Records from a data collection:
********************

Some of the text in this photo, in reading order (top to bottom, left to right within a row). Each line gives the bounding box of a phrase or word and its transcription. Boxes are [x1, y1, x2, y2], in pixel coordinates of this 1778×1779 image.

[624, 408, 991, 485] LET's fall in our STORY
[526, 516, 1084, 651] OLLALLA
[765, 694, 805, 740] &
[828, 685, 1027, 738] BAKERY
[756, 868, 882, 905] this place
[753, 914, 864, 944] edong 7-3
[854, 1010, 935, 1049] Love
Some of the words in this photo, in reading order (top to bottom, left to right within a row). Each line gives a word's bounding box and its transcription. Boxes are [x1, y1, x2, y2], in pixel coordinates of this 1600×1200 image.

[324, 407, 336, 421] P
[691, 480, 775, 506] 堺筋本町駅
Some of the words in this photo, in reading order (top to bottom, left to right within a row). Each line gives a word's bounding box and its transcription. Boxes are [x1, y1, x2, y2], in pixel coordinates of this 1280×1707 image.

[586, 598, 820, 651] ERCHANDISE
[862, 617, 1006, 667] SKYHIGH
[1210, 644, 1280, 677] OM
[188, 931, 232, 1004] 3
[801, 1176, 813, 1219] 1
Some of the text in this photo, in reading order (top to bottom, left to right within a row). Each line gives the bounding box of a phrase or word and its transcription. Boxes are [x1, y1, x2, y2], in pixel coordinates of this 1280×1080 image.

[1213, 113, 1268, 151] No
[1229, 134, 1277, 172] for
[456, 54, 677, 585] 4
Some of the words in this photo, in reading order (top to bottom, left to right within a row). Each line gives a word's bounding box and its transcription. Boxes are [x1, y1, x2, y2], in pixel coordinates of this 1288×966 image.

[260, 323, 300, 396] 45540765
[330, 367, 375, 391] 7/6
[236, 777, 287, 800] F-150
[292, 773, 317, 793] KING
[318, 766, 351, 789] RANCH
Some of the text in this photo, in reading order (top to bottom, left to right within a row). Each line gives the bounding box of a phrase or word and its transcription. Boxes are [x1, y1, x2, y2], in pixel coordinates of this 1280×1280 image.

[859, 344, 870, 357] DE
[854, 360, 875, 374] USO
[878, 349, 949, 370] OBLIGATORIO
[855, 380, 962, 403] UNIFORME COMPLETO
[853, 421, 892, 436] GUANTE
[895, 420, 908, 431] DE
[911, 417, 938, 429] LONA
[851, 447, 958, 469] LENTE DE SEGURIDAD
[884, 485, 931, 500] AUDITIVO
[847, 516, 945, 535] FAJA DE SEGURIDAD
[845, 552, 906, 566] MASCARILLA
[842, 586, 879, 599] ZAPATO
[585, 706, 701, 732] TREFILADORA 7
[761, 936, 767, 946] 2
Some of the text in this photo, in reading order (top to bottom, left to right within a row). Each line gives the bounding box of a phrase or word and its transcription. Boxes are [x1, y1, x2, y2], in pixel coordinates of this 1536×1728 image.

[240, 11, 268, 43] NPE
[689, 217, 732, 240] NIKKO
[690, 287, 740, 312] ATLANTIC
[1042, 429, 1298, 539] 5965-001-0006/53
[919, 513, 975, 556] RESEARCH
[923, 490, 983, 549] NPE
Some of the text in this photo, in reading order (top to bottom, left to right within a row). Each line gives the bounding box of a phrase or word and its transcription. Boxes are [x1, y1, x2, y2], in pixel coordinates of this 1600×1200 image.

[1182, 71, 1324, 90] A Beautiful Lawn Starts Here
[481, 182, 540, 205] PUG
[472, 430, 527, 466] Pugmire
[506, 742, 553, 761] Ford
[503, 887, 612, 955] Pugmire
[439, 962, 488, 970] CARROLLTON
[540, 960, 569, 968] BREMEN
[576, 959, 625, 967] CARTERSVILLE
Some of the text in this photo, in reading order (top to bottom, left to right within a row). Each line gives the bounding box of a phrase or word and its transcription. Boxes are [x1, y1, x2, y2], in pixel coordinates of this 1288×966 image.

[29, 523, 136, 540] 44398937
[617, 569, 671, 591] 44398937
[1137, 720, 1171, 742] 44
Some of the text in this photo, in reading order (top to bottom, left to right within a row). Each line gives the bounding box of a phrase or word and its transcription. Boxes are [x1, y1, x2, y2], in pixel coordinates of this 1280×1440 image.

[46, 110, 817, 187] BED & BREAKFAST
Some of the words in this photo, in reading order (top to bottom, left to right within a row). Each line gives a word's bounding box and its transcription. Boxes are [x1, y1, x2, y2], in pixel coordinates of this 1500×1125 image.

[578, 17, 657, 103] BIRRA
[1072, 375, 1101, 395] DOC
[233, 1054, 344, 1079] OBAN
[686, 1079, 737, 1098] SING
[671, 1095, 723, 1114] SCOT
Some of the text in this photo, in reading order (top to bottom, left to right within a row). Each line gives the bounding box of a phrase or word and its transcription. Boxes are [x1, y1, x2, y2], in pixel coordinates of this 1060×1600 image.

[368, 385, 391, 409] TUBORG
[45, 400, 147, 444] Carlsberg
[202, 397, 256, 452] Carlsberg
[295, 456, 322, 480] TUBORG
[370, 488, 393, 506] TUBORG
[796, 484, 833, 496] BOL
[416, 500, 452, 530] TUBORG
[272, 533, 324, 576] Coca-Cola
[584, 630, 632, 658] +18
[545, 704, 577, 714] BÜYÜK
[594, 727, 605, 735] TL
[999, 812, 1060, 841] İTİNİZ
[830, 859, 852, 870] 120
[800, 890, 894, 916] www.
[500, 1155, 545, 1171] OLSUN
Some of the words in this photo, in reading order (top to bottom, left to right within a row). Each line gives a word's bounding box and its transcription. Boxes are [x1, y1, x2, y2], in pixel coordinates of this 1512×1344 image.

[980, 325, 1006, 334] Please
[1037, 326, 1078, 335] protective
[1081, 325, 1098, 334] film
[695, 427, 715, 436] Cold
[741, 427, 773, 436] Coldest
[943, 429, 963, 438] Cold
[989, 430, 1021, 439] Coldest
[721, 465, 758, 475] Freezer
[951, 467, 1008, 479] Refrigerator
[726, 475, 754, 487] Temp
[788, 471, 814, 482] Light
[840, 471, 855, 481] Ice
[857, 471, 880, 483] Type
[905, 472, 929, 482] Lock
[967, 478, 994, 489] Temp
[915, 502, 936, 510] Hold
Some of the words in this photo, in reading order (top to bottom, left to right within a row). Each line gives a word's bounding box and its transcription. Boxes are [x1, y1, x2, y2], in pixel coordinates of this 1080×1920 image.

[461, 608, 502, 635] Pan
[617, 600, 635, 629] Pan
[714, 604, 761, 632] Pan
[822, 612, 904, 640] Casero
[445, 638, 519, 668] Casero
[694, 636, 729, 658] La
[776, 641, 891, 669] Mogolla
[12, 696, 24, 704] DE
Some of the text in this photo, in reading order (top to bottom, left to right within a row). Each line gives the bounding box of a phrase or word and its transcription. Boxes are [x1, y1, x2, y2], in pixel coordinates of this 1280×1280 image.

********************

* [Work instructions] Exactly as they appear above, copy out all the records.

* [Task answer]
Some of the text in this photo, in reading order (top to bottom, left to right within a row). Each line gives the bounding box of a phrase or word and its transcription. Boxes are [x1, y1, x2, y2], in pixel coordinates of this 1778×1779 image.

[624, 408, 991, 485] LET's fall in our STORY
[526, 516, 1084, 651] OLLALLA
[765, 694, 805, 740] &
[828, 685, 1027, 738] BAKERY
[756, 868, 882, 905] this place
[753, 914, 864, 944] edong 7-3
[854, 1010, 935, 1049] Love
Some of the words in this photo, in reading order (top to bottom, left to right within a row). Each line gives a word's bounding box and its transcription. Boxes are [x1, y1, x2, y2], in pixel coordinates of this 1600×1200 image.

[324, 407, 336, 421] P
[691, 480, 775, 506] 堺筋本町駅
Some of the words in this photo, in reading order (top to bottom, left to right within a row). Each line gives a word's bounding box and its transcription. Boxes are [x1, y1, x2, y2], in pixel coordinates of this 1280×1707 image.

[586, 598, 820, 651] ERCHANDISE
[862, 617, 1006, 667] SKYHIGH
[1210, 644, 1280, 677] OM
[188, 931, 232, 1004] 3
[801, 1176, 813, 1219] 1
Some of the text in this photo, in reading order (top to bottom, left to right within a row). Each line gives the bounding box of a phrase or word and its transcription. Boxes are [x1, y1, x2, y2], in pixel coordinates of this 1280×1080 image.

[1213, 113, 1268, 151] No
[1229, 134, 1277, 172] for
[456, 54, 677, 585] 4
Some of the words in this photo, in reading order (top to bottom, left to right within a row). Each line gives a word's bounding box and its transcription. Boxes are [x1, y1, x2, y2], in pixel coordinates of this 1288×966 image.

[260, 323, 300, 396] 45540765
[330, 367, 375, 391] 7/6
[236, 777, 287, 800] F-150
[292, 773, 317, 793] KING
[318, 766, 351, 789] RANCH
Some of the text in this photo, in reading order (top to bottom, left to right within a row). Each line gives the bounding box of a phrase or word and its transcription. Boxes are [x1, y1, x2, y2], in pixel coordinates of this 1280×1280 image.

[859, 344, 870, 357] DE
[854, 360, 875, 374] USO
[878, 349, 949, 370] OBLIGATORIO
[855, 380, 962, 403] UNIFORME COMPLETO
[853, 421, 892, 436] GUANTE
[895, 420, 908, 431] DE
[911, 417, 938, 429] LONA
[851, 447, 958, 469] LENTE DE SEGURIDAD
[884, 485, 931, 500] AUDITIVO
[847, 516, 945, 535] FAJA DE SEGURIDAD
[845, 552, 906, 566] MASCARILLA
[842, 586, 879, 599] ZAPATO
[585, 706, 701, 732] TREFILADORA 7
[761, 936, 767, 946] 2
Some of the text in this photo, in reading order (top to bottom, left to right within a row). Each line gives the bounding box of a phrase or word and its transcription. Boxes are [x1, y1, x2, y2], in pixel coordinates of this 1536×1728 image.

[240, 11, 268, 43] NPE
[689, 217, 732, 240] NIKKO
[690, 287, 740, 312] ATLANTIC
[1042, 429, 1298, 539] 5965-001-0006/53
[919, 513, 975, 556] RESEARCH
[923, 490, 983, 549] NPE
Some of the text in this photo, in reading order (top to bottom, left to right within a row). Each line gives the bounding box of a phrase or word and its transcription. Boxes are [x1, y1, x2, y2], in pixel coordinates of this 1600×1200 image.

[1182, 71, 1324, 90] A Beautiful Lawn Starts Here
[481, 182, 540, 205] PUG
[472, 430, 527, 466] Pugmire
[506, 742, 553, 761] Ford
[503, 887, 612, 955] Pugmire
[439, 962, 488, 970] CARROLLTON
[540, 960, 569, 968] BREMEN
[576, 959, 625, 967] CARTERSVILLE
Some of the text in this photo, in reading order (top to bottom, left to right within a row). Each line gives the bounding box of a phrase or word and its transcription. Boxes are [x1, y1, x2, y2], in pixel coordinates of this 1288×966 image.

[29, 523, 136, 540] 44398937
[617, 569, 671, 591] 44398937
[1137, 720, 1171, 742] 44
Some of the text in this photo, in reading order (top to bottom, left to right within a row). Each line gives the bounding box of a phrase or word and its transcription. Boxes are [x1, y1, x2, y2], in pixel coordinates of this 1280×1440 image.

[46, 110, 817, 187] BED & BREAKFAST
Some of the words in this photo, in reading order (top to bottom, left to right within a row). Each line gives a word's bounding box and its transcription. Boxes are [x1, y1, x2, y2], in pixel coordinates of this 1500×1125 image.

[578, 17, 657, 103] BIRRA
[1072, 375, 1101, 395] DOC
[233, 1054, 344, 1079] OBAN
[686, 1079, 737, 1098] SING
[671, 1095, 723, 1114] SCOT
Some of the text in this photo, in reading order (top to bottom, left to right within a row). Each line gives the bounding box of a phrase or word and its transcription. Boxes are [x1, y1, x2, y2], in pixel coordinates of this 1060×1600 image.

[368, 385, 391, 409] TUBORG
[45, 400, 147, 444] Carlsberg
[202, 397, 256, 452] Carlsberg
[295, 456, 322, 480] TUBORG
[370, 488, 393, 506] TUBORG
[796, 484, 833, 496] BOL
[416, 500, 452, 530] TUBORG
[272, 533, 324, 576] Coca-Cola
[584, 630, 632, 658] +18
[545, 704, 577, 714] BÜYÜK
[594, 727, 605, 735] TL
[999, 812, 1060, 841] İTİNİZ
[830, 859, 852, 870] 120
[800, 890, 894, 916] www.
[500, 1155, 545, 1171] OLSUN
Some of the words in this photo, in reading order (top to bottom, left to right within a row). Each line gives a word's bounding box and its transcription. Boxes are [x1, y1, x2, y2], in pixel coordinates of this 1512×1344 image.

[980, 325, 1006, 334] Please
[1037, 326, 1078, 335] protective
[1081, 325, 1098, 334] film
[695, 427, 715, 436] Cold
[741, 427, 773, 436] Coldest
[943, 429, 963, 438] Cold
[989, 430, 1021, 439] Coldest
[721, 465, 758, 475] Freezer
[951, 467, 1008, 479] Refrigerator
[726, 475, 754, 487] Temp
[788, 471, 814, 482] Light
[840, 471, 855, 481] Ice
[857, 471, 880, 483] Type
[905, 472, 929, 482] Lock
[967, 478, 994, 489] Temp
[915, 502, 936, 510] Hold
Some of the words in this photo, in reading order (top to bottom, left to right within a row). Each line gives a word's bounding box and its transcription. Boxes are [x1, y1, x2, y2], in pixel coordinates of this 1080×1920 image.

[461, 608, 502, 635] Pan
[617, 600, 635, 629] Pan
[714, 604, 761, 632] Pan
[822, 612, 904, 640] Casero
[445, 638, 519, 668] Casero
[694, 636, 729, 658] La
[776, 641, 891, 669] Mogolla
[12, 696, 24, 704] DE
Some of the text in this photo, in reading order (top to bottom, left to right within a row). Each line gives the bounding box of a phrase or word and its transcription. Boxes are [x1, y1, x2, y2], in pixel coordinates of this 1280×1280 image.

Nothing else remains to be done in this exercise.